**REQUIRED ACTION:** Copy all lines below exactly as written. Leave pictures out.

**THE INPUT:**

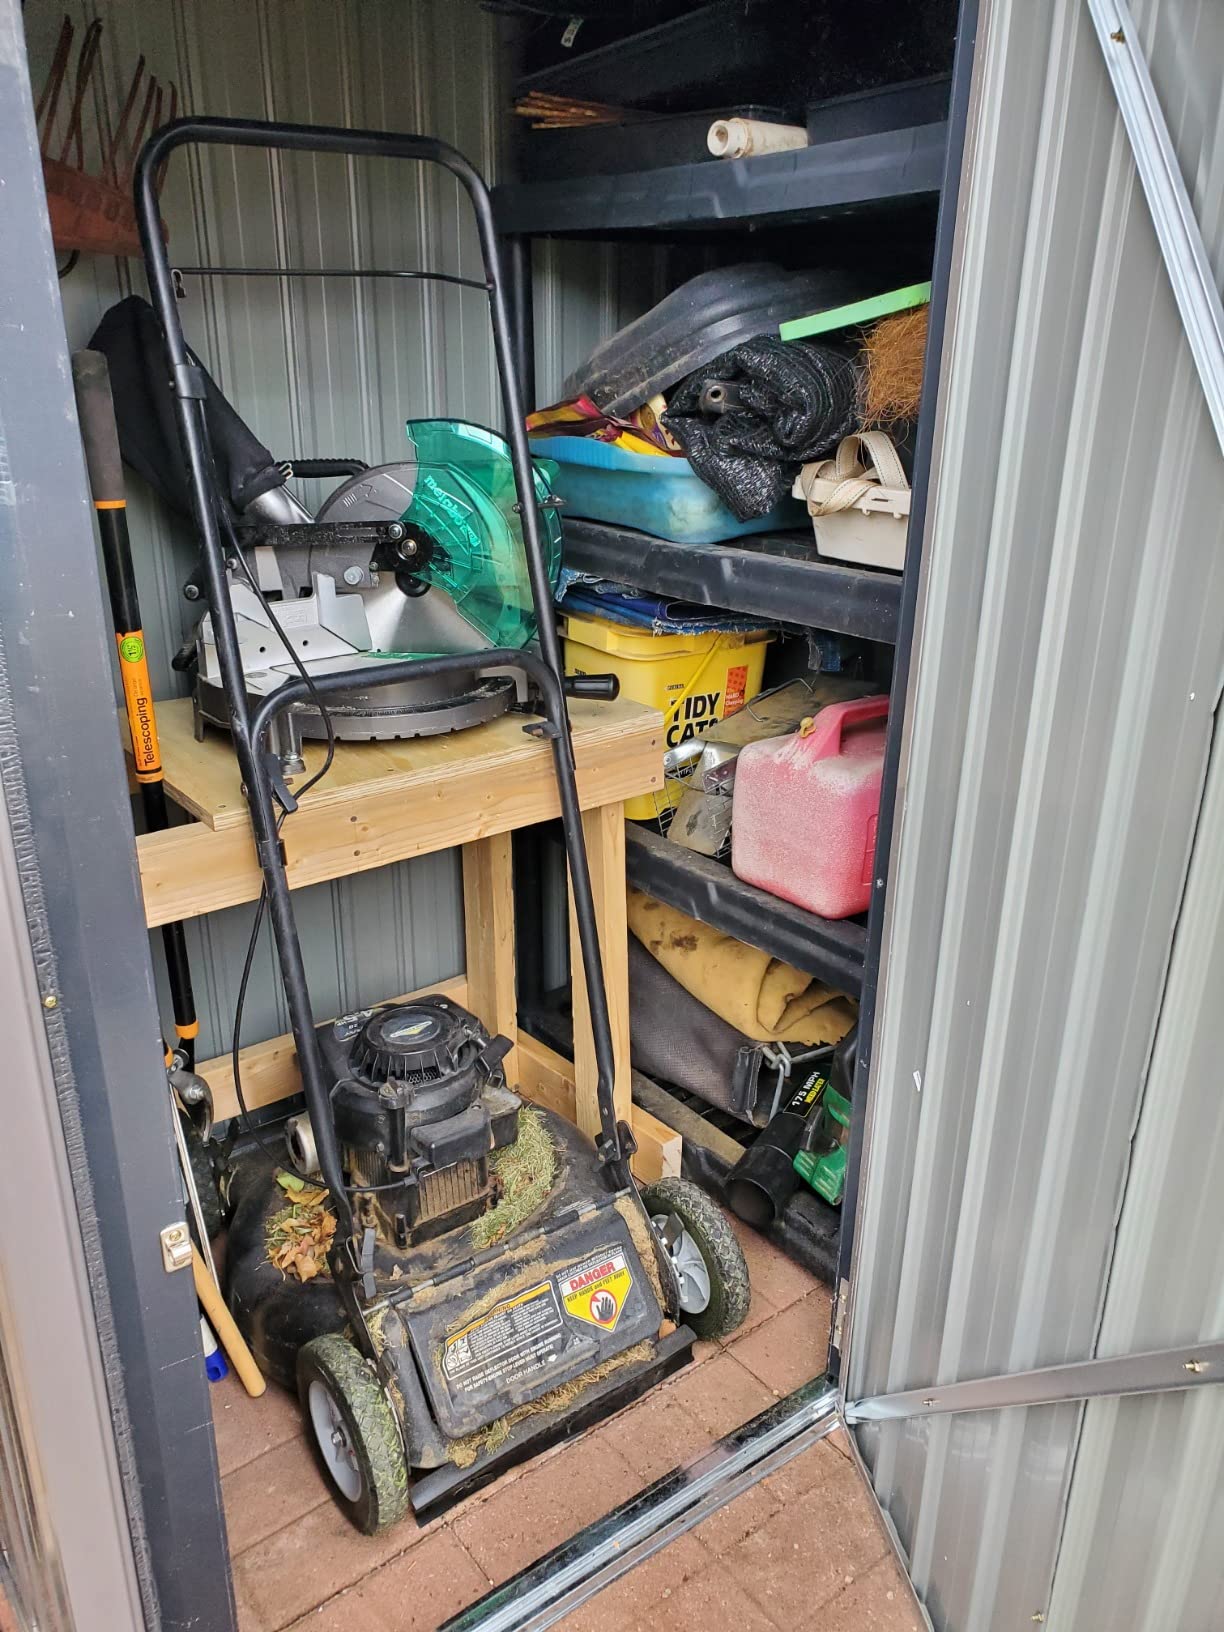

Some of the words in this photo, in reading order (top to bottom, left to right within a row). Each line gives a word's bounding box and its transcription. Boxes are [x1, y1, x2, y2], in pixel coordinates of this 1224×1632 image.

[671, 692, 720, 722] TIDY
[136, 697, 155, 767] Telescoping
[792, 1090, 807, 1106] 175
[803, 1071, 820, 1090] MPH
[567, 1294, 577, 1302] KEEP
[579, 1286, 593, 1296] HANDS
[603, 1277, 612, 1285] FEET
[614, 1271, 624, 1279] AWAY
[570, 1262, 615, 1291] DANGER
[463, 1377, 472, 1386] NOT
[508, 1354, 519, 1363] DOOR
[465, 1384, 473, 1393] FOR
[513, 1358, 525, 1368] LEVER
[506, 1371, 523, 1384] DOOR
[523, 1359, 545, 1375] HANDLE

**RESULT OF THIS EXERCISE:**
Some of the words in this photo, in reading order (top to bottom, left to right within a row). Each line gives a word's bounding box and its transcription. Boxes are [x1, y1, x2, y2], in pixel coordinates of this 1224×1632 image.

[671, 692, 720, 722] TIDY
[136, 697, 155, 767] Telescoping
[792, 1090, 807, 1106] 175
[803, 1071, 820, 1090] MPH
[567, 1294, 577, 1302] KEEP
[579, 1286, 593, 1296] HANDS
[603, 1277, 612, 1285] FEET
[614, 1271, 624, 1279] AWAY
[570, 1262, 615, 1291] DANGER
[463, 1377, 472, 1386] NOT
[508, 1354, 519, 1363] DOOR
[465, 1384, 473, 1393] FOR
[513, 1358, 525, 1368] LEVER
[506, 1371, 523, 1384] DOOR
[523, 1359, 545, 1375] HANDLE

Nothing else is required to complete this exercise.